Defending a general contractor and its employer, the owner of the premises, against alleged violations of Labor Law §§ 240(1), 241(6), and 200, Goldberg Segalla partner J. Daniel Velez earned the complete dismissal of the plaintiff’s complaint on a successful motion for summary judgement.
On November 6, 2015, the plaintiff, a fire sprinkler foreman, was retained by the general contractor to perform piping work within the interior of a temple structure. The plaintiff testified that he was walking with his supervisor toward where he was working on the construction site when he stepped onto a manhole covered by a concrete cover and felt the cover give way. The plaintiff partially fell into the manhole that he alleges was approximately 25 feet deep. Over a year later, he alleged that he underwent numerous surgeries as a result of the accident.
As of March 1, 2019, the plaintiff’s workers’ compensation lien asserted by New York State Insurance Fund (NYSIF) was $192,844.36. The plaintiff was also alleging $1.2 million in claimed lost wages as a result of the accident and his opening demand was $2.5 million with no reduction during an attempt at mediation. After mediation, the counsel for the plaintiff threatened that the demand would increase following a favorable decision on the plaintiff’s motion for summary judgment on liability.
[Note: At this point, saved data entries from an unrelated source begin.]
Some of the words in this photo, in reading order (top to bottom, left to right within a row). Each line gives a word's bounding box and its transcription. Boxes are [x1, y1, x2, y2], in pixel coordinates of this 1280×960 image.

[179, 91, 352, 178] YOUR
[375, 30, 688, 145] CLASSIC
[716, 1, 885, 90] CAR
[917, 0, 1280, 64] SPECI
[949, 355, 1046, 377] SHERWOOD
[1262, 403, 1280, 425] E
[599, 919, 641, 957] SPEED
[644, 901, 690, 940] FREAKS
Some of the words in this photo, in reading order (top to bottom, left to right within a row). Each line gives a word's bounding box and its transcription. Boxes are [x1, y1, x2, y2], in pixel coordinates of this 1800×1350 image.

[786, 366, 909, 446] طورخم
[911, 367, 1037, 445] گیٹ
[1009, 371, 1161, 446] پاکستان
The plaintiff alleged violations of §§ 240(1), 241(6), and 200. Judge William J. Condon of the New York State Supreme Court, Suffolk County, held that the plaintiff failed to state a cause of action under § 240(1) on the grounds that the manhole was not connected in any way to his work and did not pose the type of gravity-related hazard or peril required under the statute. Moreover, the judge held that the plaintiff failed to address all but one of the branches of the defendants’ motions seeking dismissal of all of the alleged Industrial Code violations in the plaintiff’s complaint under § 241(6) and that the plaintiff abandoned the remainder of his allegations in failing to do so.
With regard to the plaintiff’s remaining allegation under § 241(6) that the defendants allegedly violated Industrial Code § 12 NYCRR 23-1.7(b)(1)(i), Judge Condon held that the code relied upon by the plaintiff addresses “hazardous openings” and the plaintiff submitted no evidence that the concrete cover had already caved in or was otherwise open prior to the accident. Moreover, Judge Condon noted that it has been repeatedly held that § 12 NYCRR 23-1.7(b)(1)(i) does not apply to openings that are too small for a worker to completely fall through.
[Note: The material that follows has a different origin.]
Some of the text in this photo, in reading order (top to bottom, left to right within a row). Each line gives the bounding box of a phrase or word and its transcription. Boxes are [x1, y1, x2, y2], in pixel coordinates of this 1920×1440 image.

With regard to the plaintiff’s § 200 claims against the general contractor and owner, the judge held that there was no evidence that the general contractor or owner of the premises knew about the alleged condition before the accident. This was based upon the general contractors’ foreman’s testimony that his daily inspections of the worksite did not reveal any dangerous conditions, including broken manhole covers, at or near where the accident occurred.
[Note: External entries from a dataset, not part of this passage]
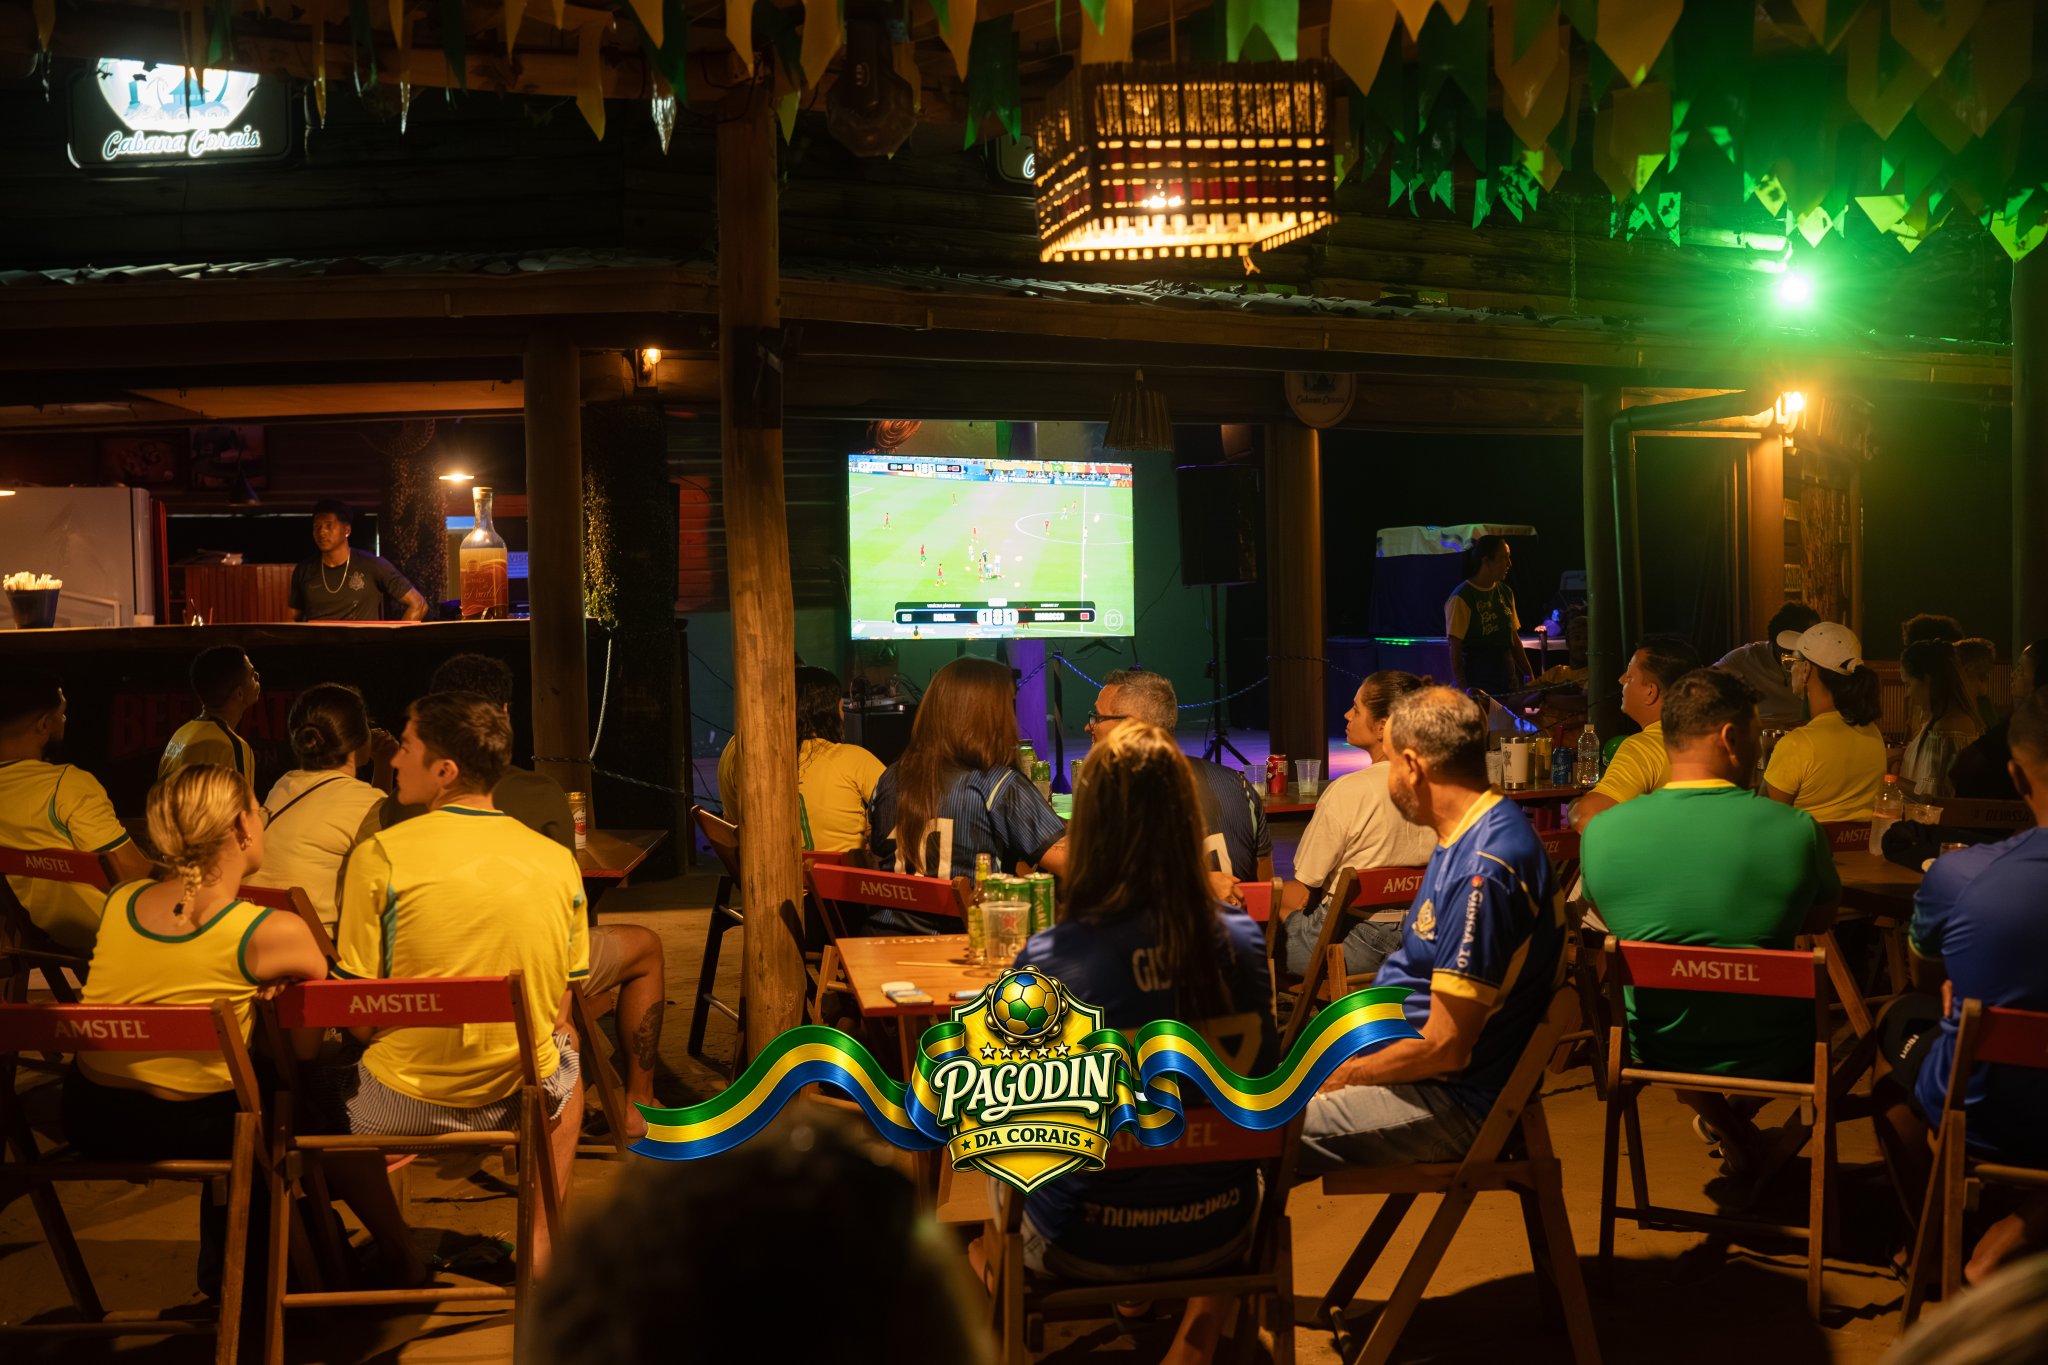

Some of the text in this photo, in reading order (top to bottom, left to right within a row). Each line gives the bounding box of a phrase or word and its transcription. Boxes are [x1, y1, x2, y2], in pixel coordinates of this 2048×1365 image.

[103, 125, 261, 160] Cabana Corais
[1834, 828, 1872, 844] AMSTE
[24, 855, 75, 874] AMSTEL
[860, 880, 918, 902] AMSTEL
[1382, 875, 1425, 894] AMST
[1671, 959, 1760, 982] AMSTEL
[349, 993, 444, 1014] AMSTEL
[55, 1019, 150, 1039] AMSTEL
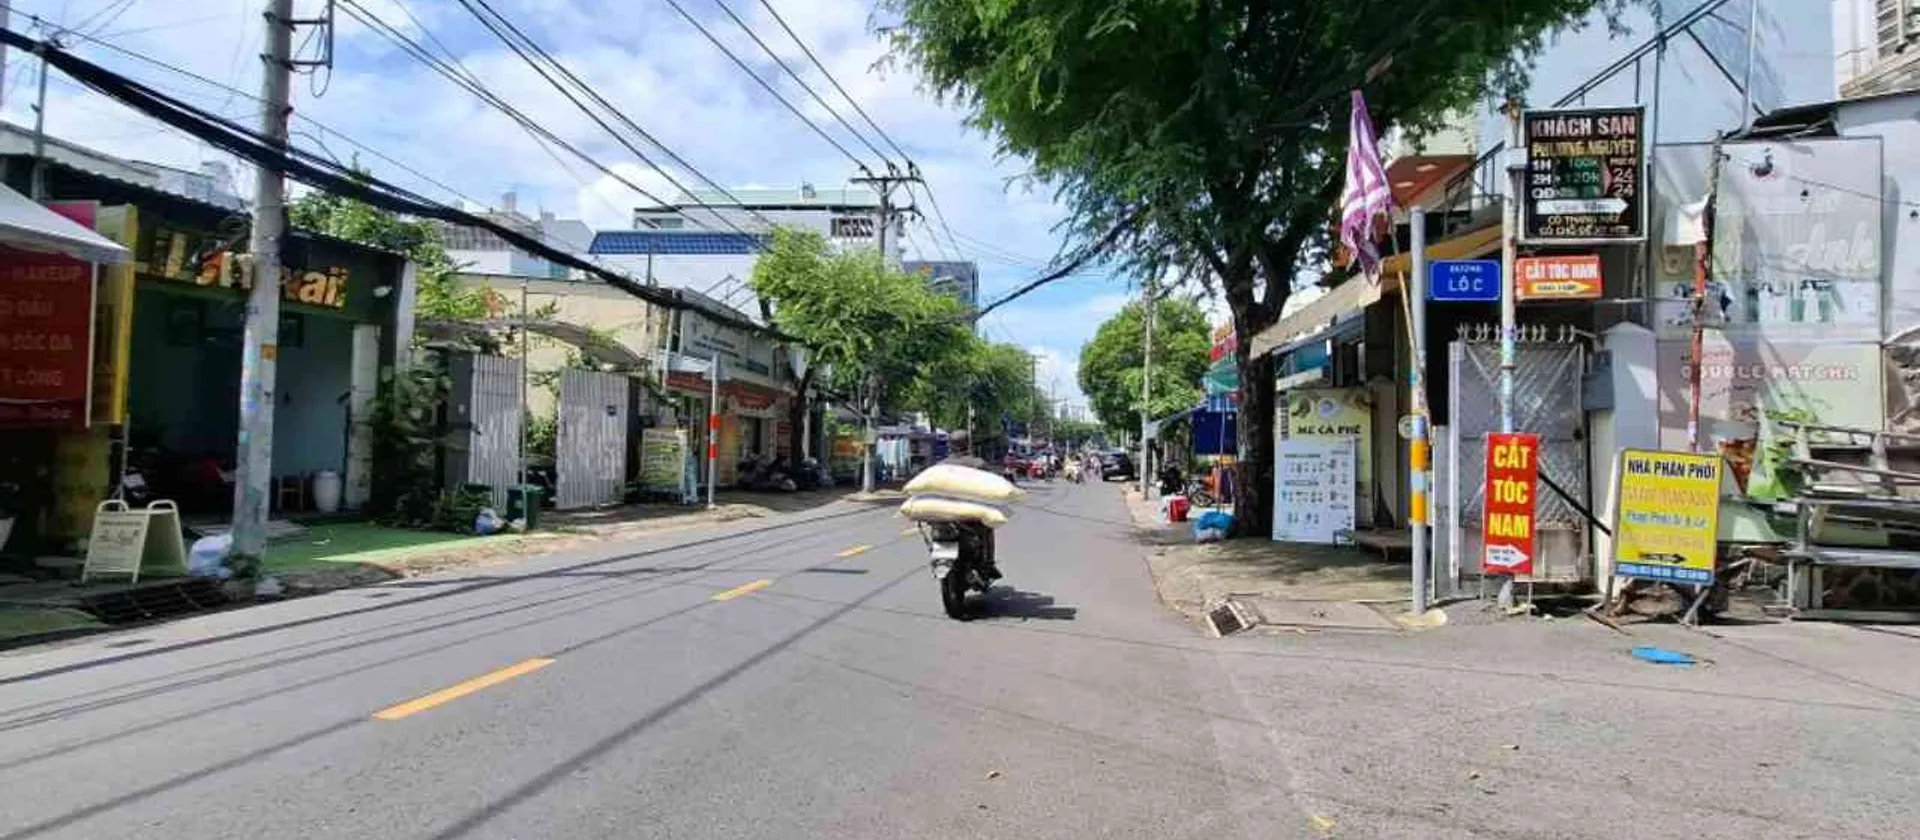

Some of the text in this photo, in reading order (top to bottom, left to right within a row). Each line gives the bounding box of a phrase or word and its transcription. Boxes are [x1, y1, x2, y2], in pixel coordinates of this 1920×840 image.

The judge also held that the subcontractor that installed the manhole prior to the accident submitted evidence that it completed its work at the construction site months before the accident and that the work was inspected and approved by the general contractor and local municipality. Accordingly, the subcontractor was no longer responsible for the management of site activities so as to preserve the integrity of the completed manholes.
In light of the above, the court granted the defendants’ motions for summary judgment, dismissing the plaintiff’s §§ 240, 241(6), and 200 claims in their entirety and denied the plaintiff’s motion for summary judgment on the issue of liability as moot—knocking out up to $2.5 million in potential exposure to our clients.